PROMPT: Pictures do not belong in the copy. Write out exactly the lines from the one containing "Some of the text" through the end of the data.
##### MATERIALS PROVIDED
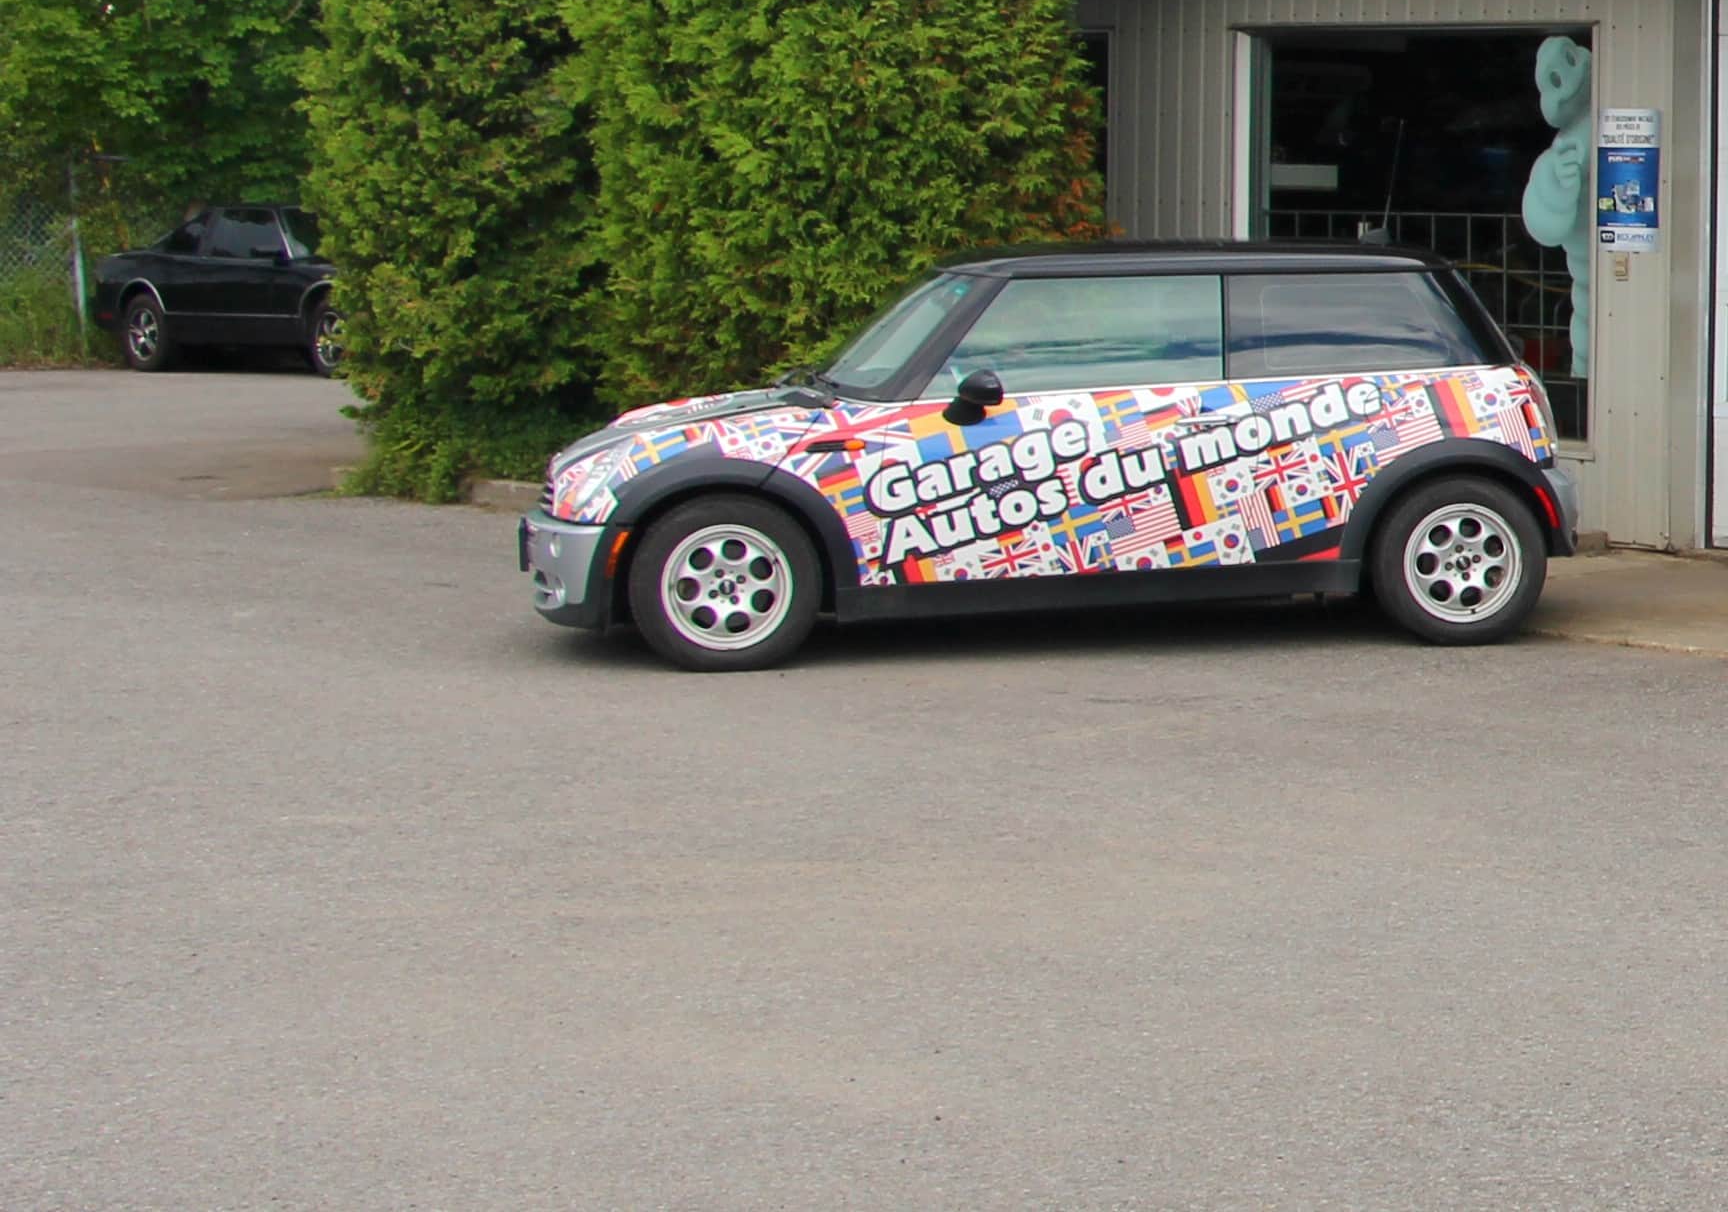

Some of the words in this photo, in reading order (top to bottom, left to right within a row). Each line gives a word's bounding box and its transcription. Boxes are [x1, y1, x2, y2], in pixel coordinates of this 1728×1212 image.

[870, 420, 1088, 512] Garage
[884, 479, 1067, 564] Autos
[1084, 445, 1167, 501] du
[1180, 379, 1383, 471] monde
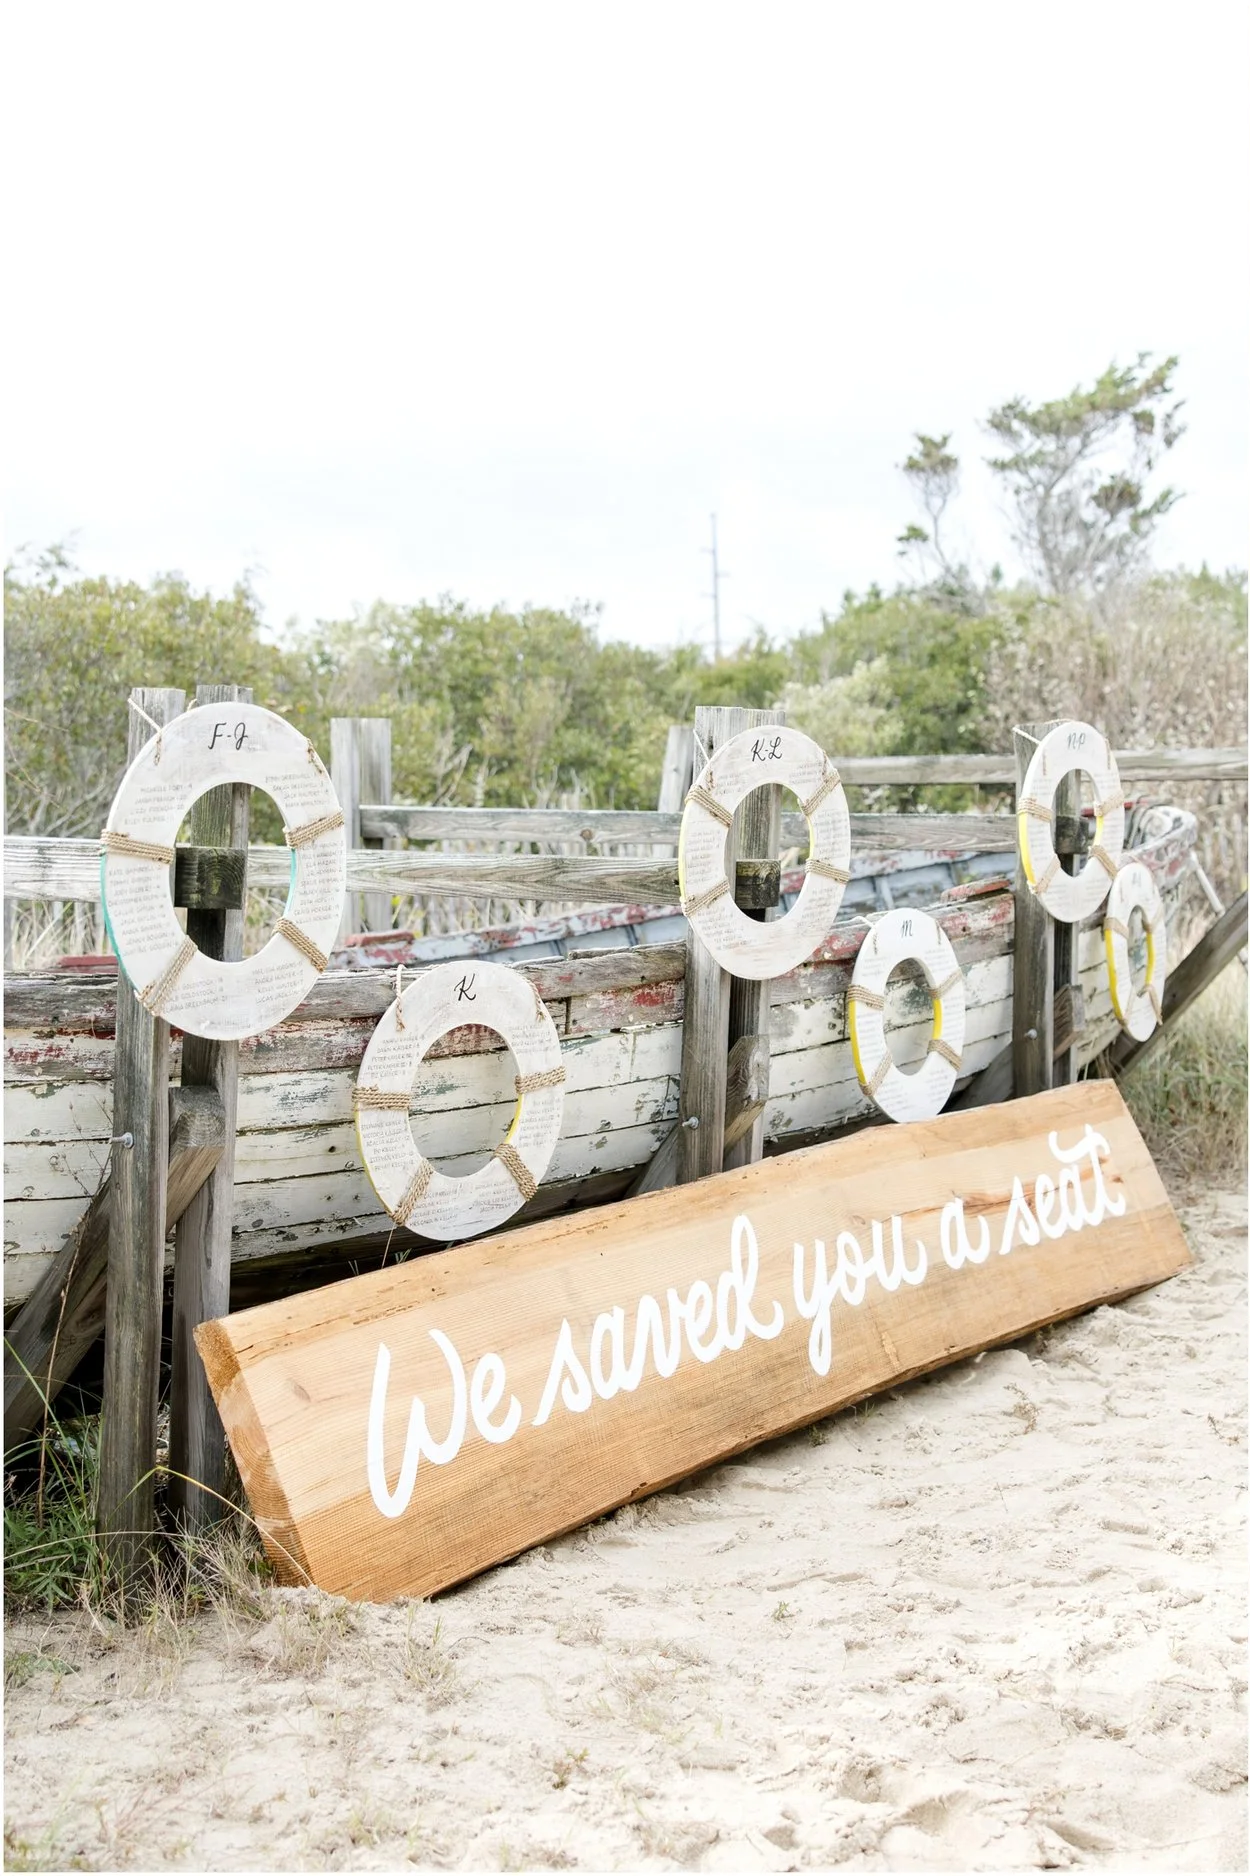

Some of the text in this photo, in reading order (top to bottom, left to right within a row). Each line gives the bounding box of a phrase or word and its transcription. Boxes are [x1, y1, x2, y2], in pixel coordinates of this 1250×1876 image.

[453, 972, 477, 1001] K
[366, 1124, 1127, 1519] We saved you a seat
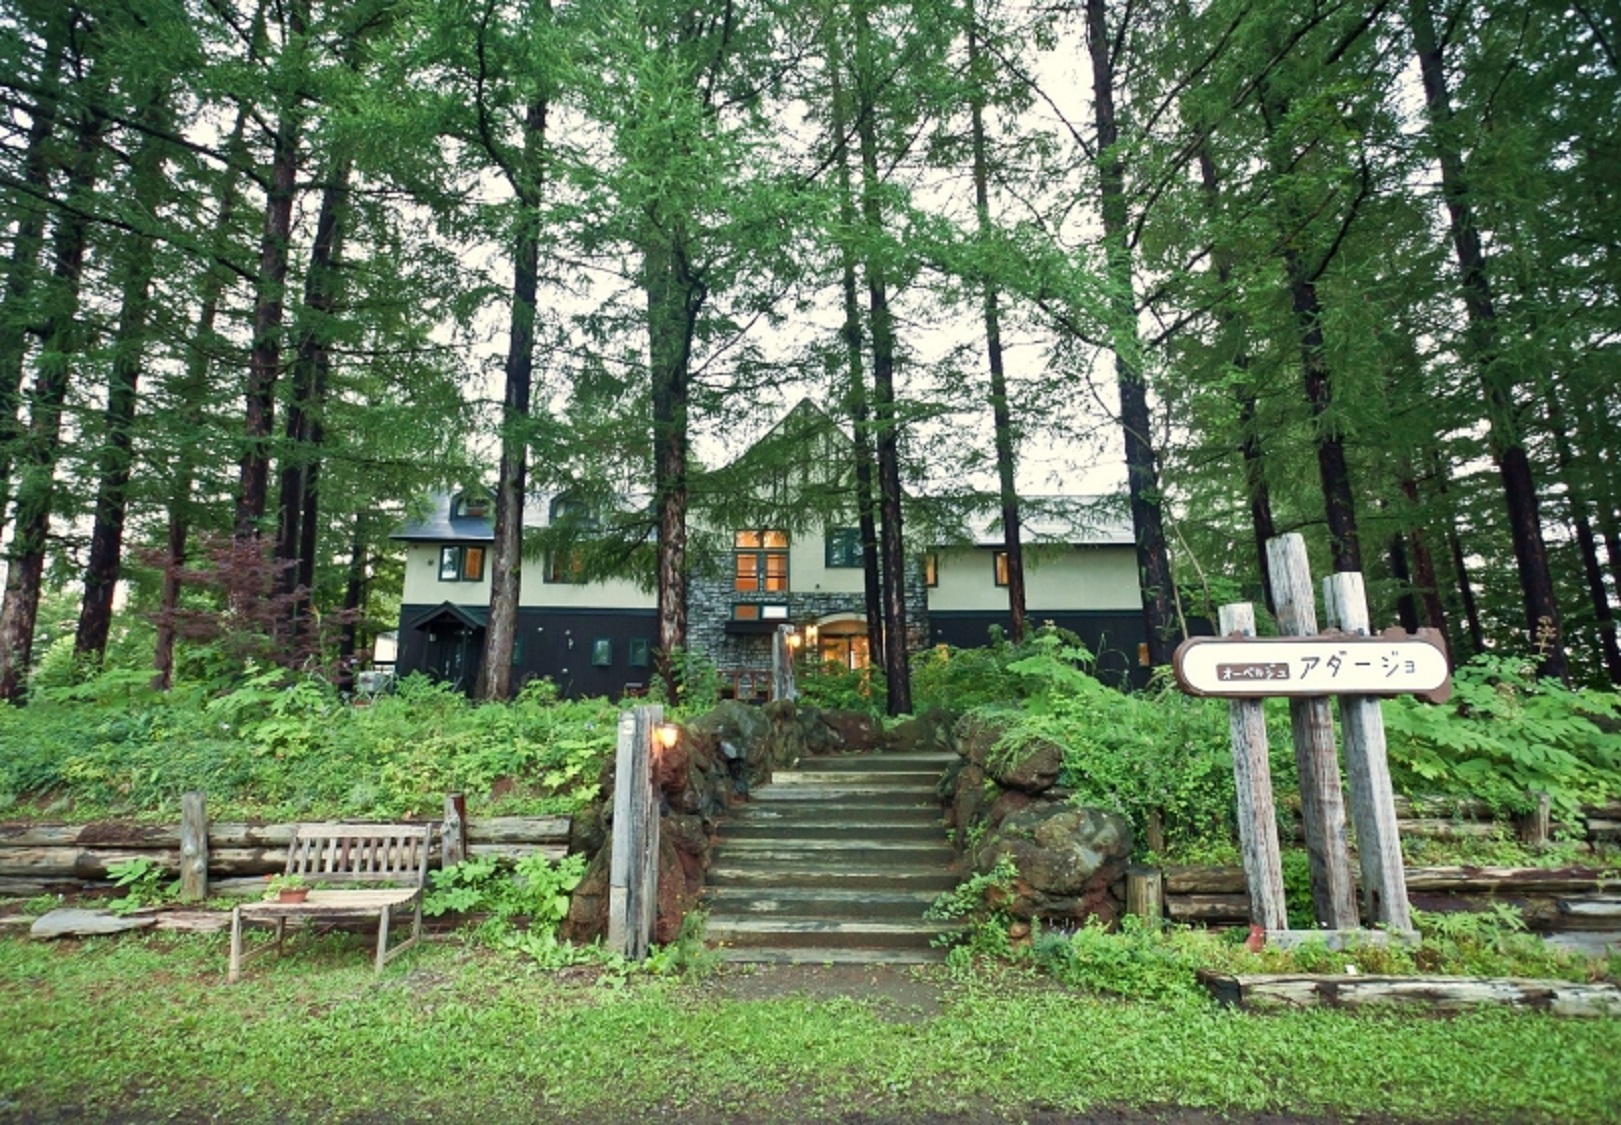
##########
RESPONSE TO THE EXERCISE:
Some of the text in this photo, in reading order (top to bottom, left to right within a row). Each line gives the bounding box of a phrase or word and its transcription. Boxes are [x1, y1, x2, y2], in pixel coordinates of this 1250×1876 image.

[453, 972, 477, 1001] K
[366, 1124, 1127, 1519] We saved you a seat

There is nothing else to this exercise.